Calle Marqués de Torroja
La calle recuerda a Eduardo Torroja Miret, ingeniero de caminos pionero de la construcción en hormigón, a quien se concedió el marquesado de Torroja a título póstumo en 1961.
Detrás del título nobiliario hay un ingeniero. Eduardo Torroja Miret, nacido en Madrid en 1899, llevó el hormigón armado a límites que pocos habían imaginado. Techó el hipódromo de la Zarzuela con una marquesina que parece flotar sin apoyos y cubrió el mercado de Algeciras con una cúpula finísima. Sus viaductos, depósitos y bóvedas todavía se estudian como hazañas de cálculo, y en su tiempo fue uno de los mayores expertos del mundo en su campo.
El marquesado de Torroja se creó el 1 de octubre de 1961, pocos meses después de su muerte, concedido a título póstumo por sus trabajos científicos y sus obras públicas. Calle Marqués de Torroja hereda ese título, no el apellido a secas, y de ahí el tratamiento de marqués.

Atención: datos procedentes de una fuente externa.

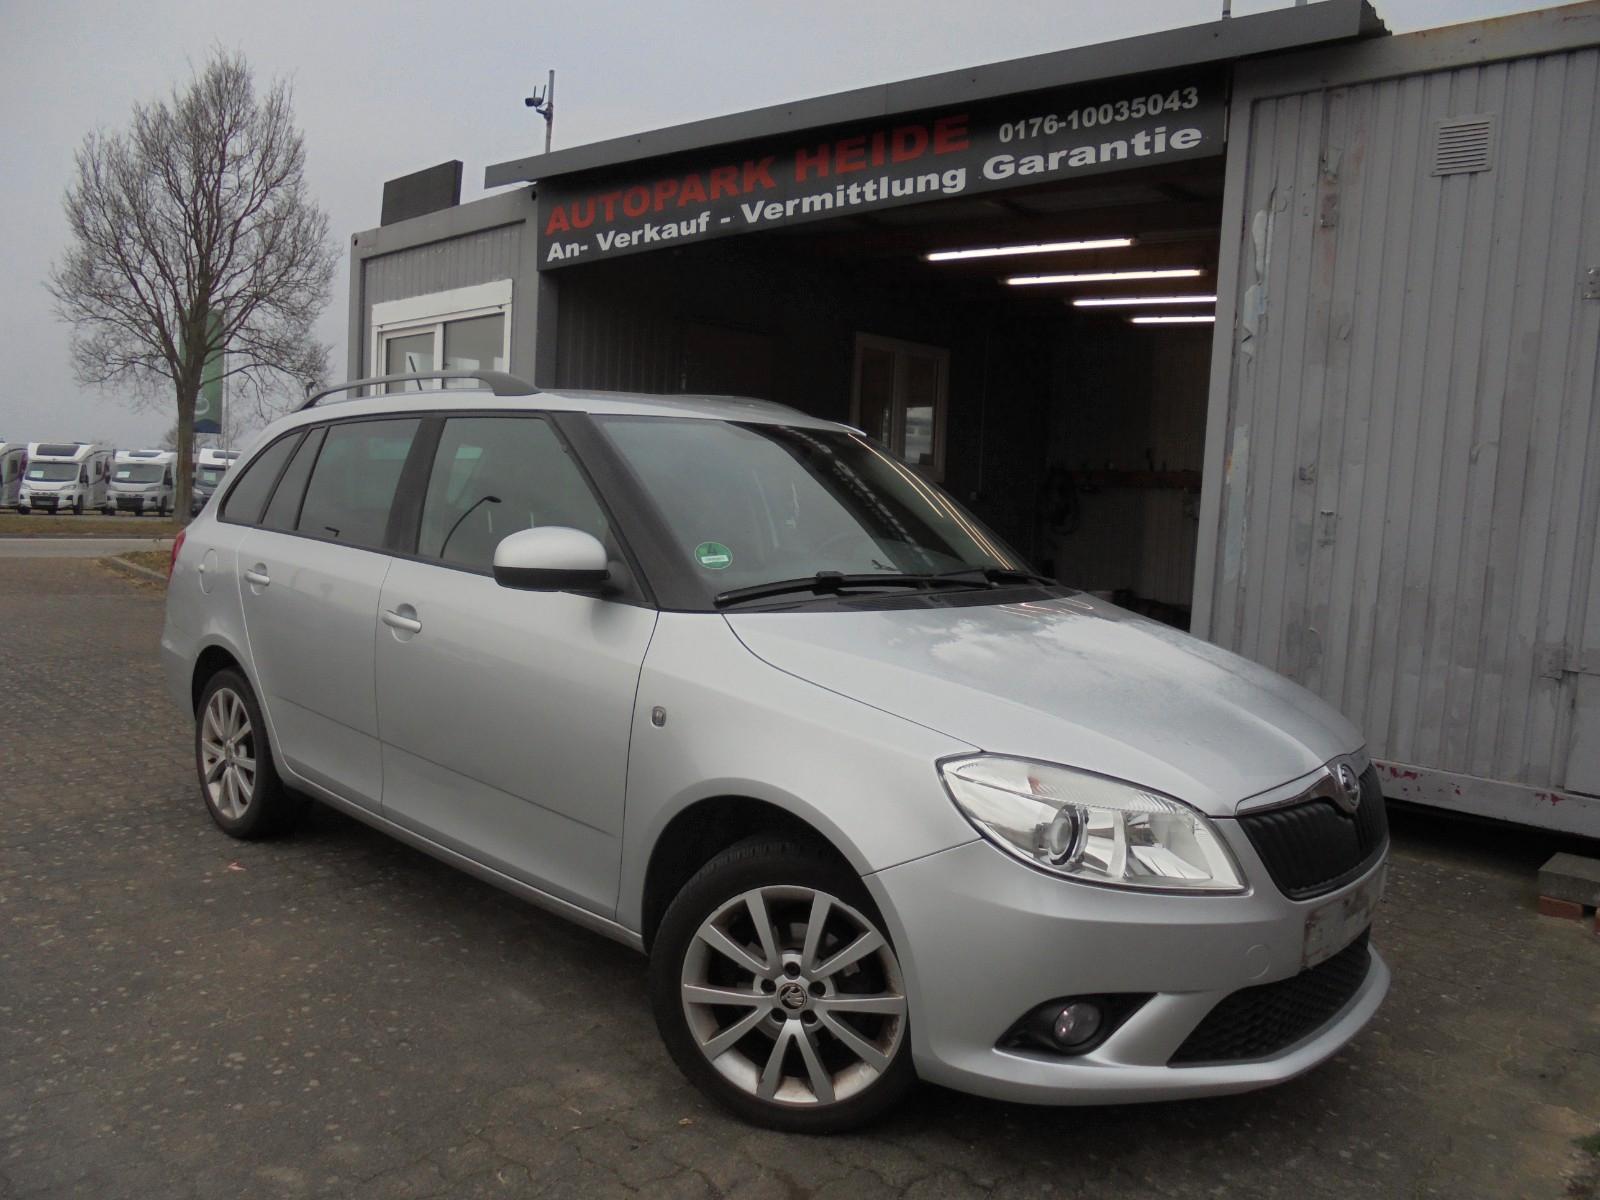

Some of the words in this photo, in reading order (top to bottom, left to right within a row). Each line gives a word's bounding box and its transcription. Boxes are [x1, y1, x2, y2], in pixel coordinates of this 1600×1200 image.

[545, 155, 777, 235] AUTOPARK
[794, 113, 972, 184] HEIDE
[999, 86, 1199, 143] 0176-10035043
[546, 241, 589, 262] An-
[596, 211, 711, 251] Verkauf
[740, 167, 966, 224] Vermittlung
[983, 126, 1203, 181] Garantie
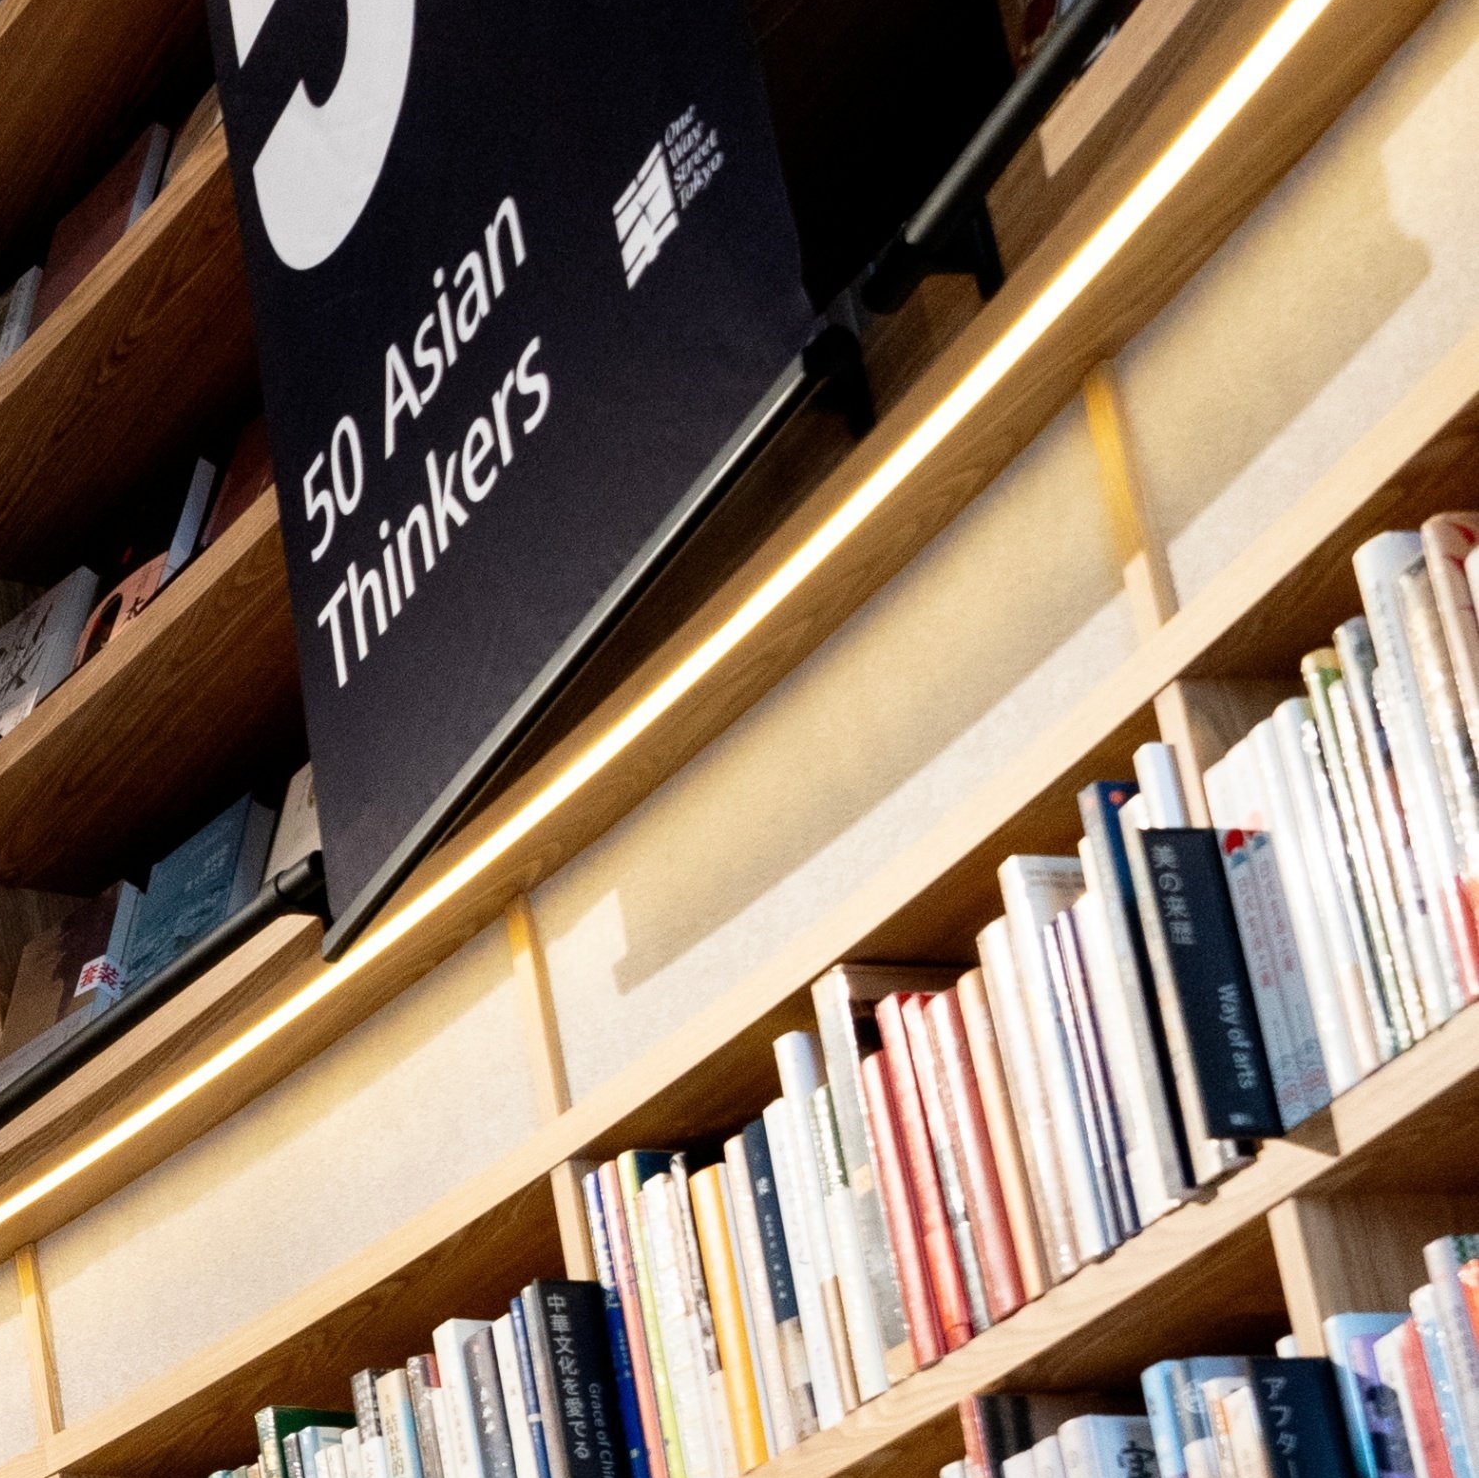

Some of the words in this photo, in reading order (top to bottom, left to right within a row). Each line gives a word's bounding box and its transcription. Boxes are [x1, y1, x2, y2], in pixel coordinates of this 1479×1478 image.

[665, 104, 696, 146] One
[669, 122, 703, 167] Way
[674, 128, 718, 190] Street
[677, 151, 724, 210] Tokyo
[299, 413, 366, 562] 50
[381, 193, 527, 472] Asian
[316, 338, 552, 689] Thinkers
[1216, 982, 1239, 1020] Way
[1231, 1049, 1260, 1091] arts
[545, 1292, 590, 1461] 中華文化を愛でる
[587, 1382, 607, 1431] Grace
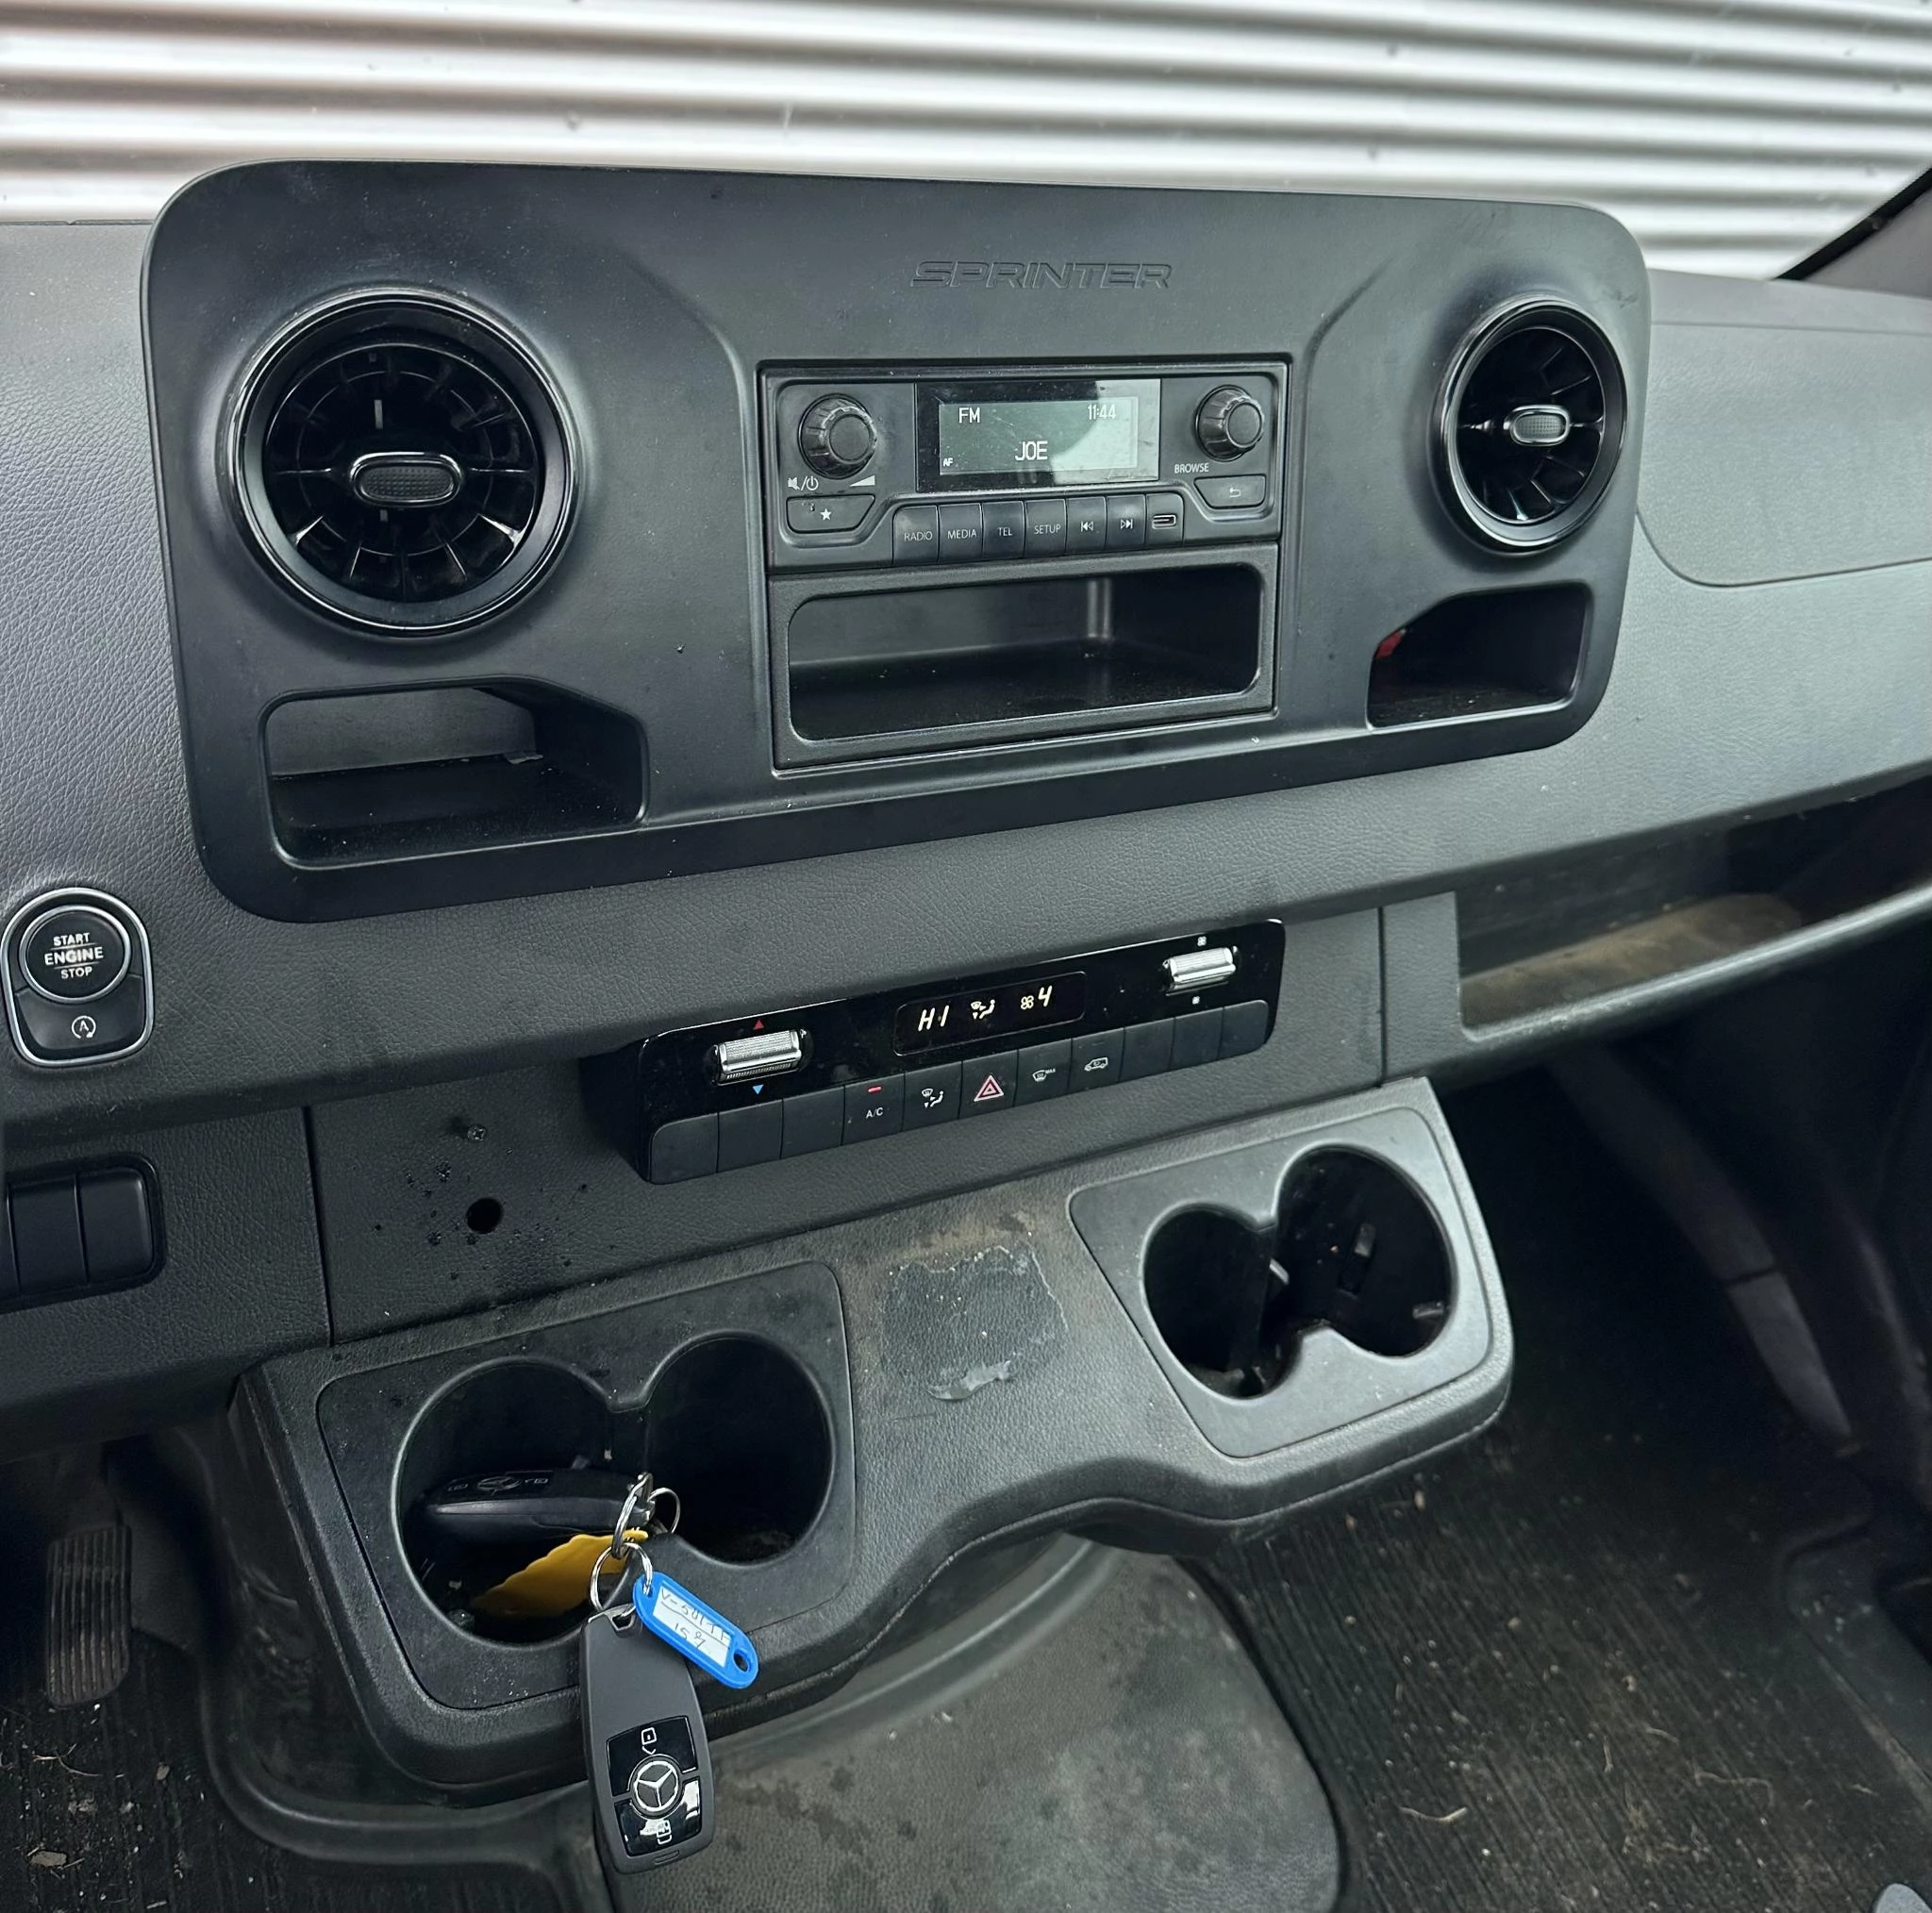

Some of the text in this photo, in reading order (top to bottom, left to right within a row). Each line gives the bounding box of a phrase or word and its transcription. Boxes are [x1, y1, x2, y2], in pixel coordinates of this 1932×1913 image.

[910, 260, 1174, 289] SPRINTER
[958, 407, 981, 424] FM
[1087, 404, 1117, 421] 11:44
[1014, 441, 1048, 461] JOE
[1174, 462, 1209, 474] BROWSE
[904, 530, 933, 541] RADIO
[947, 528, 977, 541] MEDIA
[997, 527, 1013, 537] TEL
[1034, 524, 1062, 535] SETUP
[53, 932, 91, 947] START
[43, 946, 105, 966] ENGINE
[60, 966, 93, 979] STOP
[1038, 985, 1053, 1007] 4
[917, 1005, 950, 1032] HI
[865, 1106, 884, 1119] A/C

El emplazamiento tampoco es casual. Torroja dirigió el instituto de investigación de la construcción que hoy lleva su nombre, instalado en el complejo de Costillares, al norte de la ciudad, entre los pinares de Chamartín. Quien recorre esta vía del barrio de Castilla camina por el mismo distrito donde el ingeniero tuvo su centro de trabajo.
El título sigue vivo. Lo heredó su hijo, también ingeniero de caminos, y más tarde recayó en la cantante Ana Torroja, nieta del primer marqués.